Theatrical presentation designed by the United States Army's Special Services Division

A soldier's show or blueprint special was a theatrical presentation designed by the United States Army's Special Services Division for the purpose of team building and improving morale for soldiers during World War II. According to Arthur Loesser, brother to songwriter Frank Loesser, blueprint specials were the brainchild of Harry Salter, orchestra conductor for 1920s and 1930s radio programs and the inventor of Name That Tune.

Often written by Tin Pan Alley songwriters and radio comedy writers, the soldier's shows were pre-packaged musical reviews distributed to local army camps, complete with orchestral arrangements, scripts for skits and jokes, stage directions, costume designs, scenery diagrams "all pre-cooked and provided with directions for serving." As opposed to USO Camp shows, often presented by professionals and special services entertainment units, the blueprint special was designed so that the local soldiers themselves built the scenery, cobbled together costumes, played the instruments and performed for each other.

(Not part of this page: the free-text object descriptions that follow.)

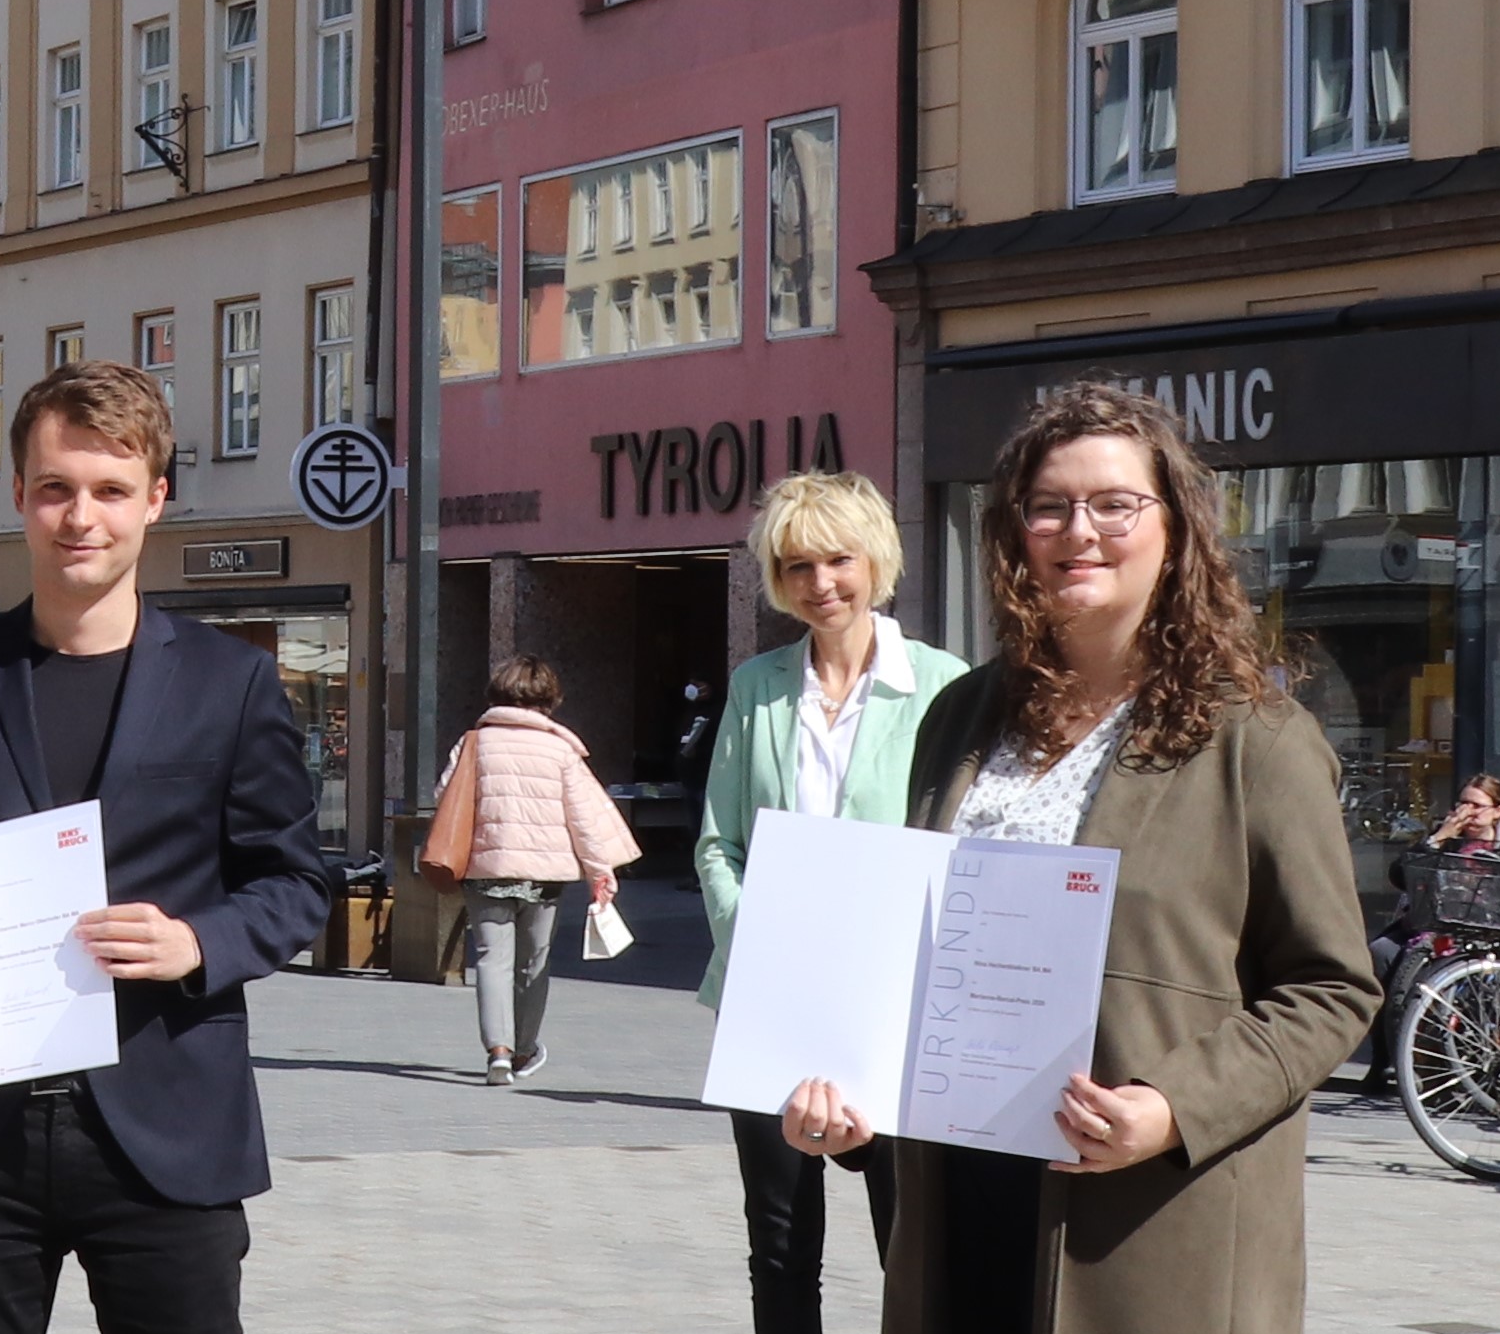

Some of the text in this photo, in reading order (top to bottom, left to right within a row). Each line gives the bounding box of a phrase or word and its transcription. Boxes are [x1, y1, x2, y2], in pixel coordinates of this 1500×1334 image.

[1036, 368, 1274, 442] ANIC
[58, 836, 89, 849] BRUCK
[1065, 881, 1101, 894] BRUCK
[919, 858, 983, 1096] URKUNDE
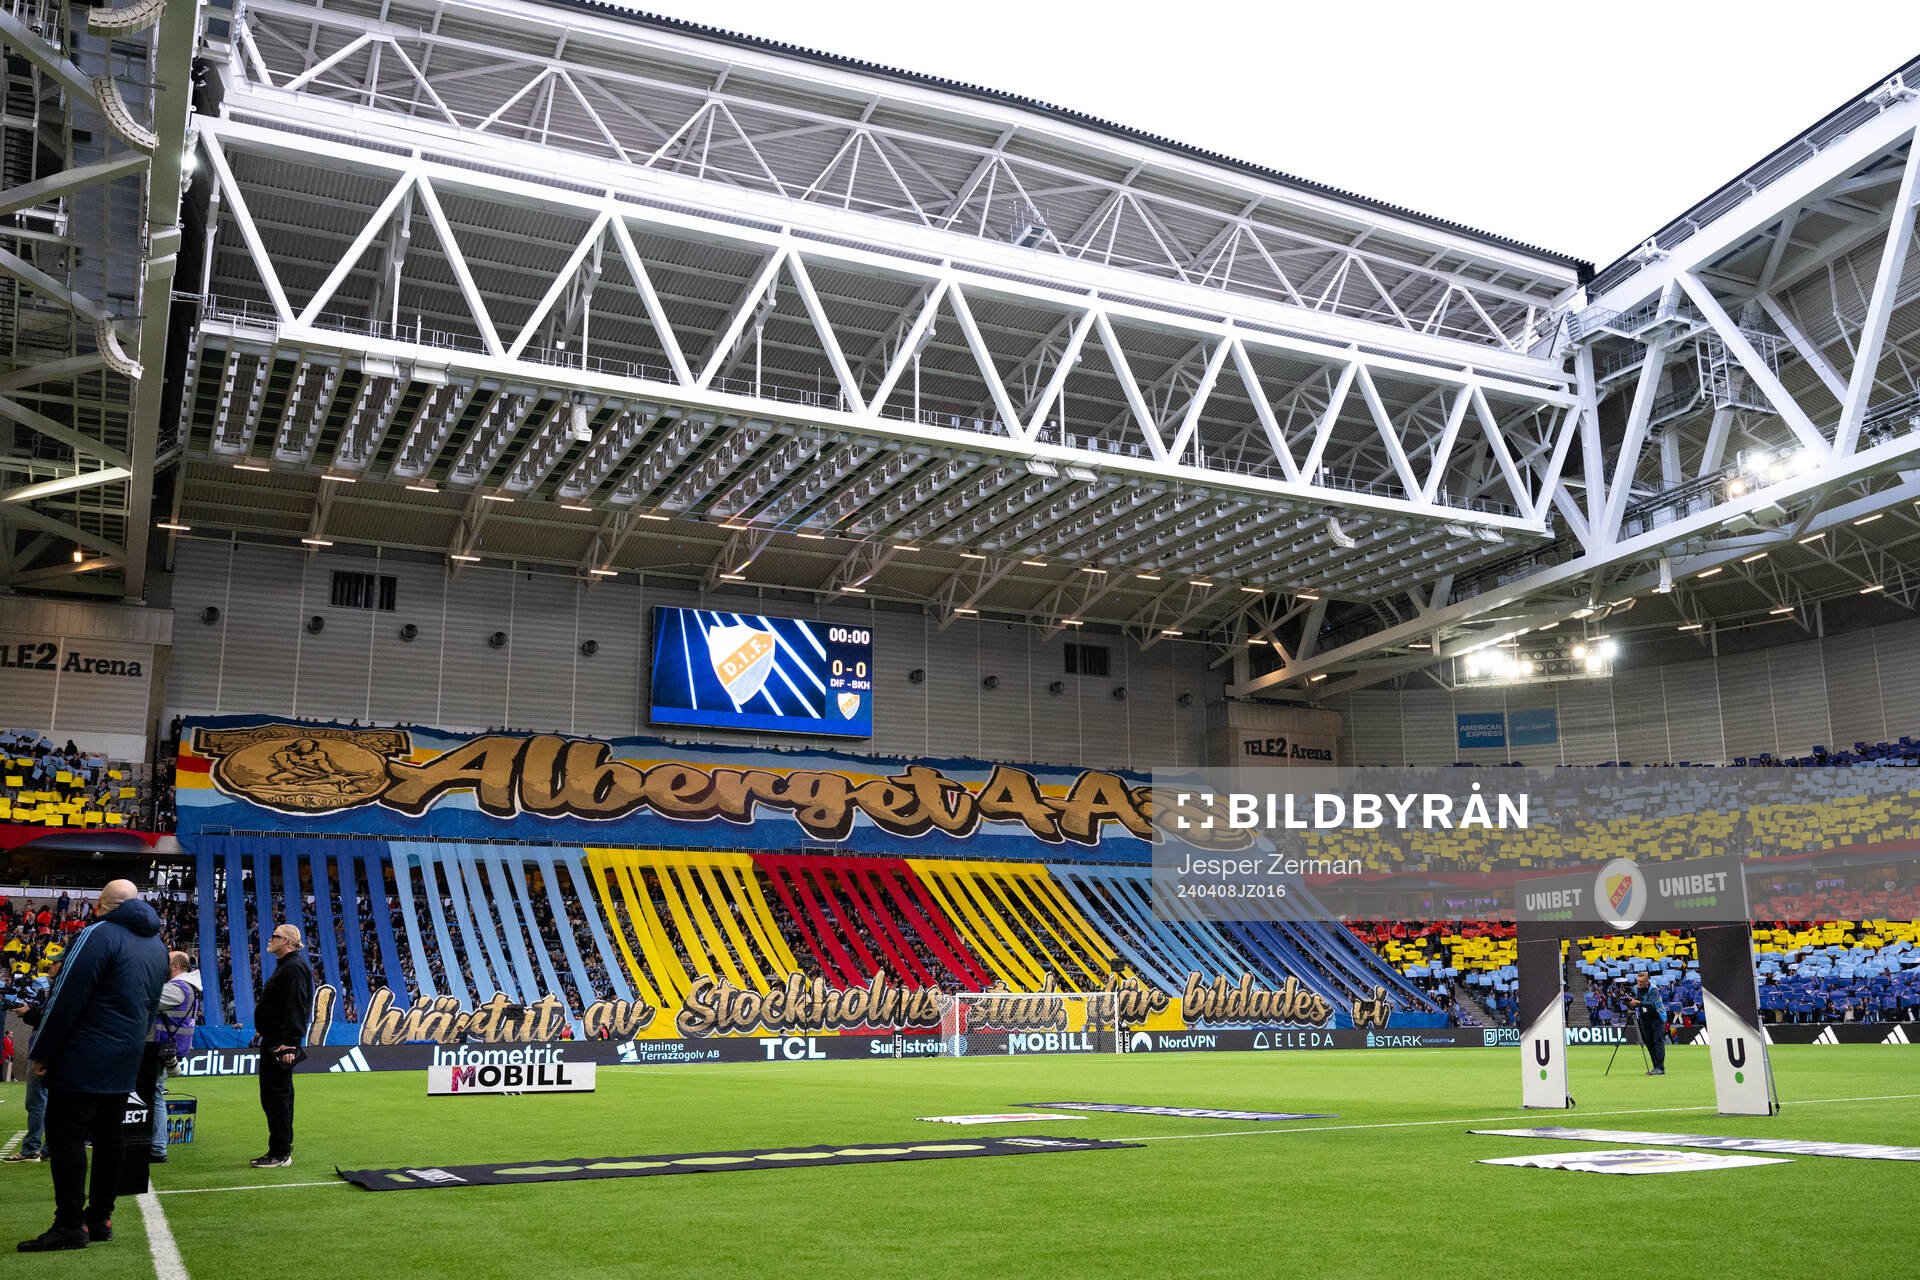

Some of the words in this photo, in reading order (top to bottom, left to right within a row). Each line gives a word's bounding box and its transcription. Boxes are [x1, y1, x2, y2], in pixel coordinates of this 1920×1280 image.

[829, 627, 870, 645] 00:00
[0, 643, 58, 671] LE2
[62, 652, 143, 677] Arena
[830, 678, 846, 688] DIF
[1460, 724, 1502, 732] AMERICAN
[1466, 730, 1503, 738] EXPRESS
[1243, 737, 1288, 758] TELE2
[1290, 744, 1333, 761] Arena
[380, 734, 980, 842] Alberget
[1658, 871, 1728, 898] UNIBET
[1525, 888, 1583, 911] UNIBET
[584, 997, 655, 1042] av
[676, 968, 947, 1038] Stockholms
[1182, 970, 1335, 1028] bildades
[640, 1042, 684, 1053] Haninge
[760, 1036, 827, 1060] TCL
[1008, 1032, 1094, 1055] MOBILL
[1159, 1035, 1217, 1049] NordVPN
[1275, 1032, 1334, 1047] ELEDA
[1375, 1034, 1423, 1047] STARK
[1566, 1027, 1627, 1046] MOBILL
[433, 1043, 565, 1066] Infometric
[641, 1049, 705, 1061] Terrazzogolv
[707, 1050, 720, 1058] AB
[1535, 1039, 1550, 1067] U
[1726, 1037, 1746, 1069] U
[451, 1064, 573, 1092] MOBILL
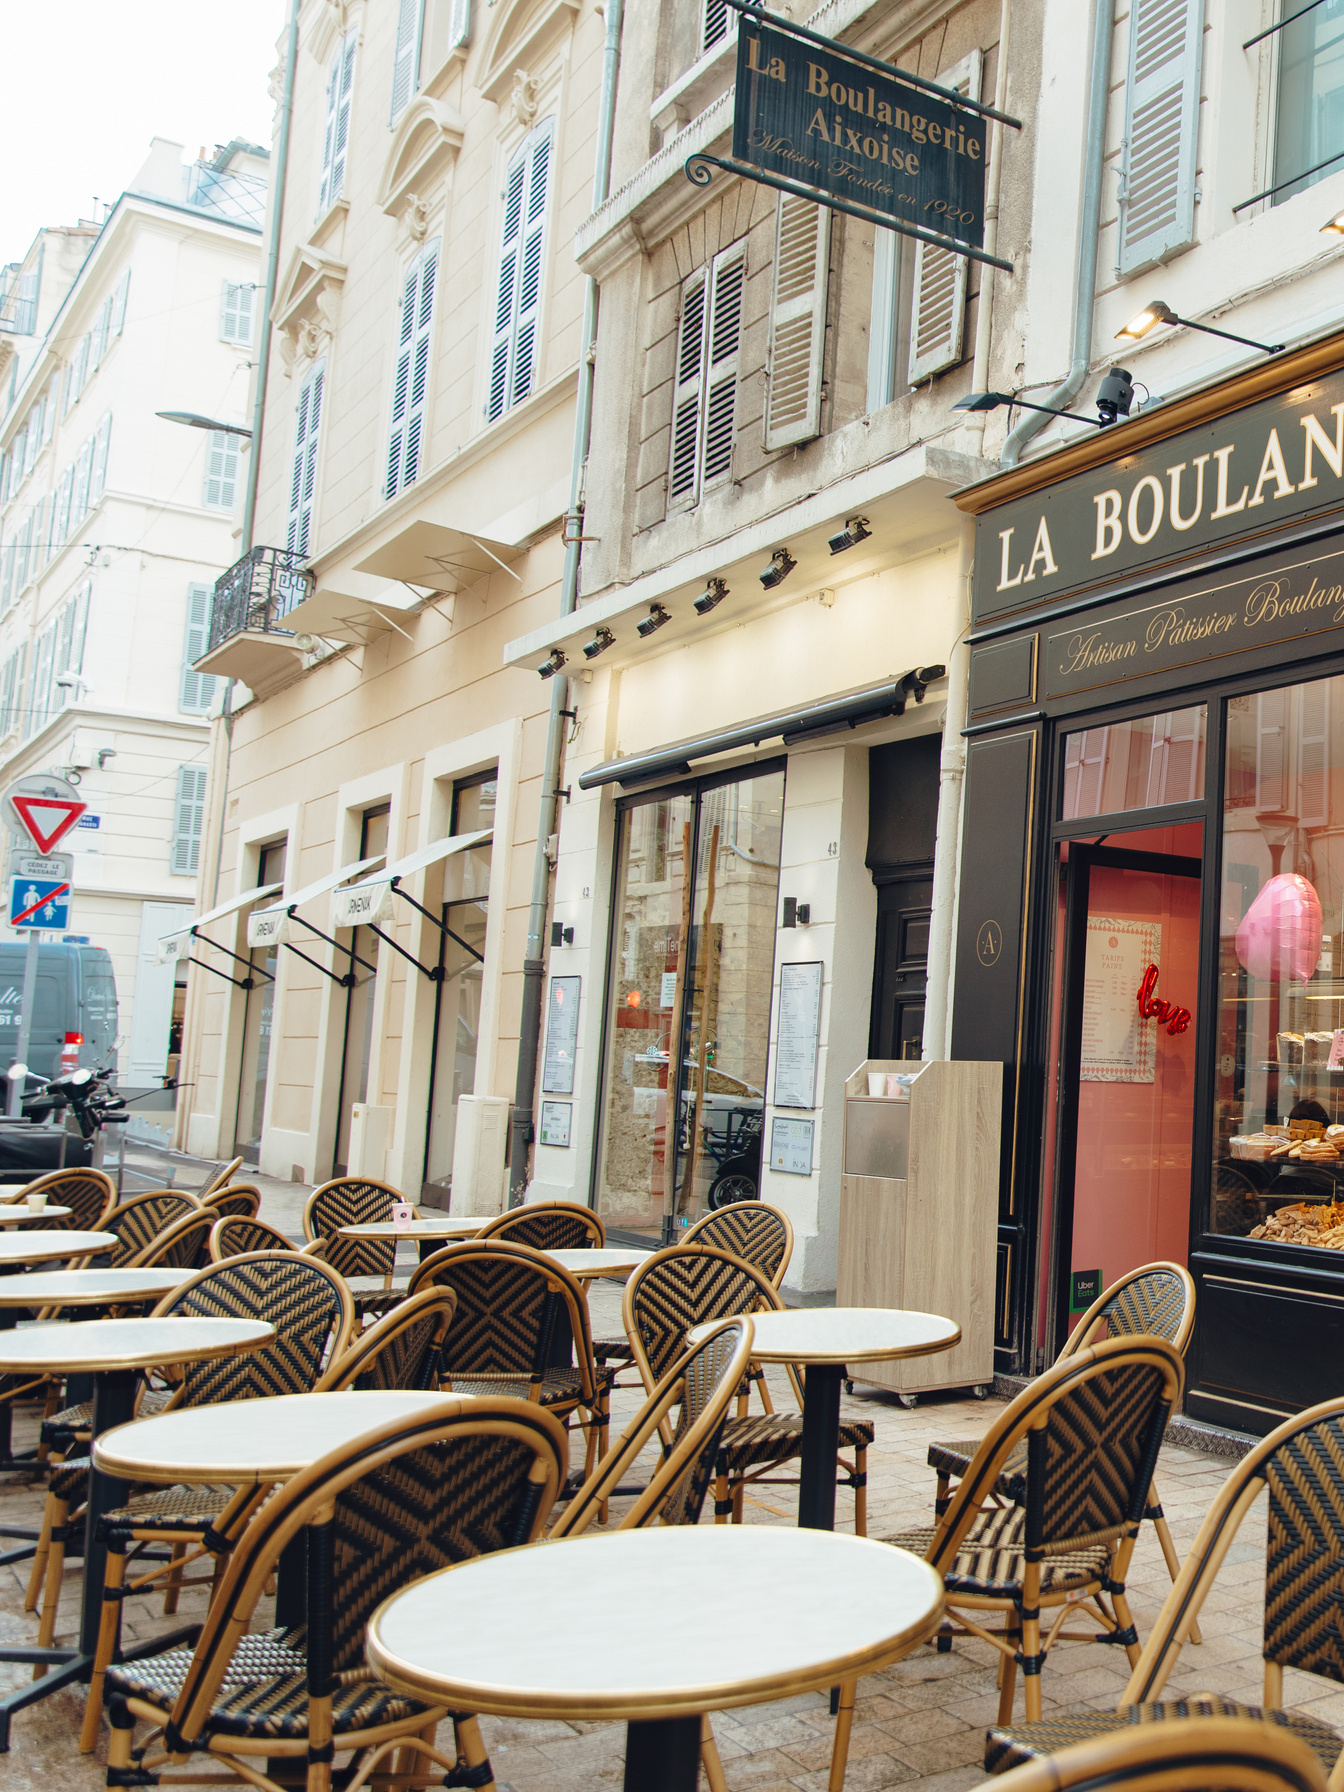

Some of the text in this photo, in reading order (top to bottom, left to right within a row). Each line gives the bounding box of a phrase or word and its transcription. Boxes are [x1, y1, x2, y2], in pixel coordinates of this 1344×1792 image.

Hi, Yank! by Frank Loesser and Pvt. Arnold M. Auerbach with dances by Pvt. Jose Limon is an example of a popular 1944 blueprint special. Loesser and Auerbach assisted Captain Ruby Jane Douglas mount an all-Women's Army Corps show entitled P.F.C. Mary Brown, based on Loesser's previous wartime hit First Class Private Mary Brown from the review "About Face".

While visiting North Africa, Dwight D. Eisenhower went backstage and praised the performers: "You are entertaining soldiers. You are not fighting with guns - but your job is just as important. As long as you are doing your job well . . . you will be rendering a service, and a great one, to your fellow soldiers and your country"

In 2017, director Tom Ridgely adapted works from four soldier's shows into a limited run showing of "Blueprint Specials", performed in New York City at the Intrepid Sea, Air & Space Museum.